======== Extracted material

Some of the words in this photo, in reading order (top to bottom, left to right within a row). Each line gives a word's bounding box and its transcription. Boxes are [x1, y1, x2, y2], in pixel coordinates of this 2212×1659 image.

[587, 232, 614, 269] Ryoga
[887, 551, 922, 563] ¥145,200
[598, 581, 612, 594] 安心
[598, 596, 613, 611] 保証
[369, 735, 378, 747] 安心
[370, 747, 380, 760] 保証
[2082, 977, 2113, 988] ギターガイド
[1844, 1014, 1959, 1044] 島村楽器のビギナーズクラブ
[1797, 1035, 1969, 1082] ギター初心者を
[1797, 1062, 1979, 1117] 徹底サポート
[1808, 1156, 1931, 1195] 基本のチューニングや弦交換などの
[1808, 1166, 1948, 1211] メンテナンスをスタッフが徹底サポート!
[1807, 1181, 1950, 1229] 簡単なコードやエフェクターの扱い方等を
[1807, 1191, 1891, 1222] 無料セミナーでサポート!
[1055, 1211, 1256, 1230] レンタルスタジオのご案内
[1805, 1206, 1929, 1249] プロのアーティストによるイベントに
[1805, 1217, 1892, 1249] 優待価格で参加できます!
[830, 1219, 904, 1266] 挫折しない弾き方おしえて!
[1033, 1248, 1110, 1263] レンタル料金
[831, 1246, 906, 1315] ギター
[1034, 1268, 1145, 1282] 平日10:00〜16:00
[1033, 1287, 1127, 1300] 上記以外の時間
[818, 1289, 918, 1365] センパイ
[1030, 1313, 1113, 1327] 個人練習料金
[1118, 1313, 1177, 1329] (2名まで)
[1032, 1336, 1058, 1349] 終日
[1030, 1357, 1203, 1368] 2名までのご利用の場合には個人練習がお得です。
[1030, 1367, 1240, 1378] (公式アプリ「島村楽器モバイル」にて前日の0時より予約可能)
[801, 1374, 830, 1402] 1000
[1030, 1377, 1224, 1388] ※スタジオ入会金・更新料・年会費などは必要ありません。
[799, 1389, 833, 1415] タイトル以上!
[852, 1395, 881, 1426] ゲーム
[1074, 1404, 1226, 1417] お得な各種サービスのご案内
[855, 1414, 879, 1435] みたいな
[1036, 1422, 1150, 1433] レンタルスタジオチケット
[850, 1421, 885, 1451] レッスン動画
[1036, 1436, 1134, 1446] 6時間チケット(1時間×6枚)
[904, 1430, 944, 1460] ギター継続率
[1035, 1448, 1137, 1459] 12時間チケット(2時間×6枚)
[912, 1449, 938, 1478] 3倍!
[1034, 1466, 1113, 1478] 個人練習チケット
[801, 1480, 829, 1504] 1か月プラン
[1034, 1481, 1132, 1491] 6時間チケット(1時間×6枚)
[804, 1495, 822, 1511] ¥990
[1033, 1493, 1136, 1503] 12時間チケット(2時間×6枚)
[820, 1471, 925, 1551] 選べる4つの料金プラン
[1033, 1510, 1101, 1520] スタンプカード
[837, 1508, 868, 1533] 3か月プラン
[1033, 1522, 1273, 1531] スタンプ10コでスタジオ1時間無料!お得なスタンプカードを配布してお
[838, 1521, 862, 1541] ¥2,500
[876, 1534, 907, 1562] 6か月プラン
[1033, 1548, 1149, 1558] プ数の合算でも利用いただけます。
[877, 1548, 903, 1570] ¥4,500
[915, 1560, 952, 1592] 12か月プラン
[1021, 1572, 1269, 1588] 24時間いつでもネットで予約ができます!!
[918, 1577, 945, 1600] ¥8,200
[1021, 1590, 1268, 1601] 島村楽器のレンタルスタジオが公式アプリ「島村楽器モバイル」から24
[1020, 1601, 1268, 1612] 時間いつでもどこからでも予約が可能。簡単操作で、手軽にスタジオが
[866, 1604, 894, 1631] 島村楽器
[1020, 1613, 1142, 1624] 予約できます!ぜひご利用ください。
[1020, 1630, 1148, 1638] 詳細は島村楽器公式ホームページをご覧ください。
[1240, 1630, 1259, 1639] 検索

================

Task directions
Return the full listing. Leave every word as it stands.

Finished exercise
Some of the words in this photo, in reading order (top to bottom, left to right within a row). Each line gives a word's bounding box and its transcription. Boxes are [x1, y1, x2, y2], in pixel coordinates of this 2212×1659 image.

[587, 232, 614, 269] Ryoga
[887, 551, 922, 563] ¥145,200
[598, 581, 612, 594] 安心
[598, 596, 613, 611] 保証
[369, 735, 378, 747] 安心
[370, 747, 380, 760] 保証
[2082, 977, 2113, 988] ギターガイド
[1844, 1014, 1959, 1044] 島村楽器のビギナーズクラブ
[1797, 1035, 1969, 1082] ギター初心者を
[1797, 1062, 1979, 1117] 徹底サポート
[1808, 1156, 1931, 1195] 基本のチューニングや弦交換などの
[1808, 1166, 1948, 1211] メンテナンスをスタッフが徹底サポート!
[1807, 1181, 1950, 1229] 簡単なコードやエフェクターの扱い方等を
[1807, 1191, 1891, 1222] 無料セミナーでサポート!
[1055, 1211, 1256, 1230] レンタルスタジオのご案内
[1805, 1206, 1929, 1249] プロのアーティストによるイベントに
[1805, 1217, 1892, 1249] 優待価格で参加できます!
[830, 1219, 904, 1266] 挫折しない弾き方おしえて!
[1033, 1248, 1110, 1263] レンタル料金
[831, 1246, 906, 1315] ギター
[1034, 1268, 1145, 1282] 平日10:00〜16:00
[1033, 1287, 1127, 1300] 上記以外の時間
[818, 1289, 918, 1365] センパイ
[1030, 1313, 1113, 1327] 個人練習料金
[1118, 1313, 1177, 1329] (2名まで)
[1032, 1336, 1058, 1349] 終日
[1030, 1357, 1203, 1368] 2名までのご利用の場合には個人練習がお得です。
[1030, 1367, 1240, 1378] (公式アプリ「島村楽器モバイル」にて前日の0時より予約可能)
[801, 1374, 830, 1402] 1000
[1030, 1377, 1224, 1388] ※スタジオ入会金・更新料・年会費などは必要ありません。
[799, 1389, 833, 1415] タイトル以上!
[852, 1395, 881, 1426] ゲーム
[1074, 1404, 1226, 1417] お得な各種サービスのご案内
[855, 1414, 879, 1435] みたいな
[1036, 1422, 1150, 1433] レンタルスタジオチケット
[850, 1421, 885, 1451] レッスン動画
[1036, 1436, 1134, 1446] 6時間チケット(1時間×6枚)
[904, 1430, 944, 1460] ギター継続率
[1035, 1448, 1137, 1459] 12時間チケット(2時間×6枚)
[912, 1449, 938, 1478] 3倍!
[1034, 1466, 1113, 1478] 個人練習チケット
[801, 1480, 829, 1504] 1か月プラン
[1034, 1481, 1132, 1491] 6時間チケット(1時間×6枚)
[804, 1495, 822, 1511] ¥990
[1033, 1493, 1136, 1503] 12時間チケット(2時間×6枚)
[820, 1471, 925, 1551] 選べる4つの料金プラン
[1033, 1510, 1101, 1520] スタンプカード
[837, 1508, 868, 1533] 3か月プラン
[1033, 1522, 1273, 1531] スタンプ10コでスタジオ1時間無料!お得なスタンプカードを配布してお
[838, 1521, 862, 1541] ¥2,500
[876, 1534, 907, 1562] 6か月プラン
[1033, 1548, 1149, 1558] プ数の合算でも利用いただけます。
[877, 1548, 903, 1570] ¥4,500
[915, 1560, 952, 1592] 12か月プラン
[1021, 1572, 1269, 1588] 24時間いつでもネットで予約ができます!!
[918, 1577, 945, 1600] ¥8,200
[1021, 1590, 1268, 1601] 島村楽器のレンタルスタジオが公式アプリ「島村楽器モバイル」から24
[1020, 1601, 1268, 1612] 時間いつでもどこからでも予約が可能。簡単操作で、手軽にスタジオが
[866, 1604, 894, 1631] 島村楽器
[1020, 1613, 1142, 1624] 予約できます!ぜひご利用ください。
[1020, 1630, 1148, 1638] 詳細は島村楽器公式ホームページをご覧ください。
[1240, 1630, 1259, 1639] 検索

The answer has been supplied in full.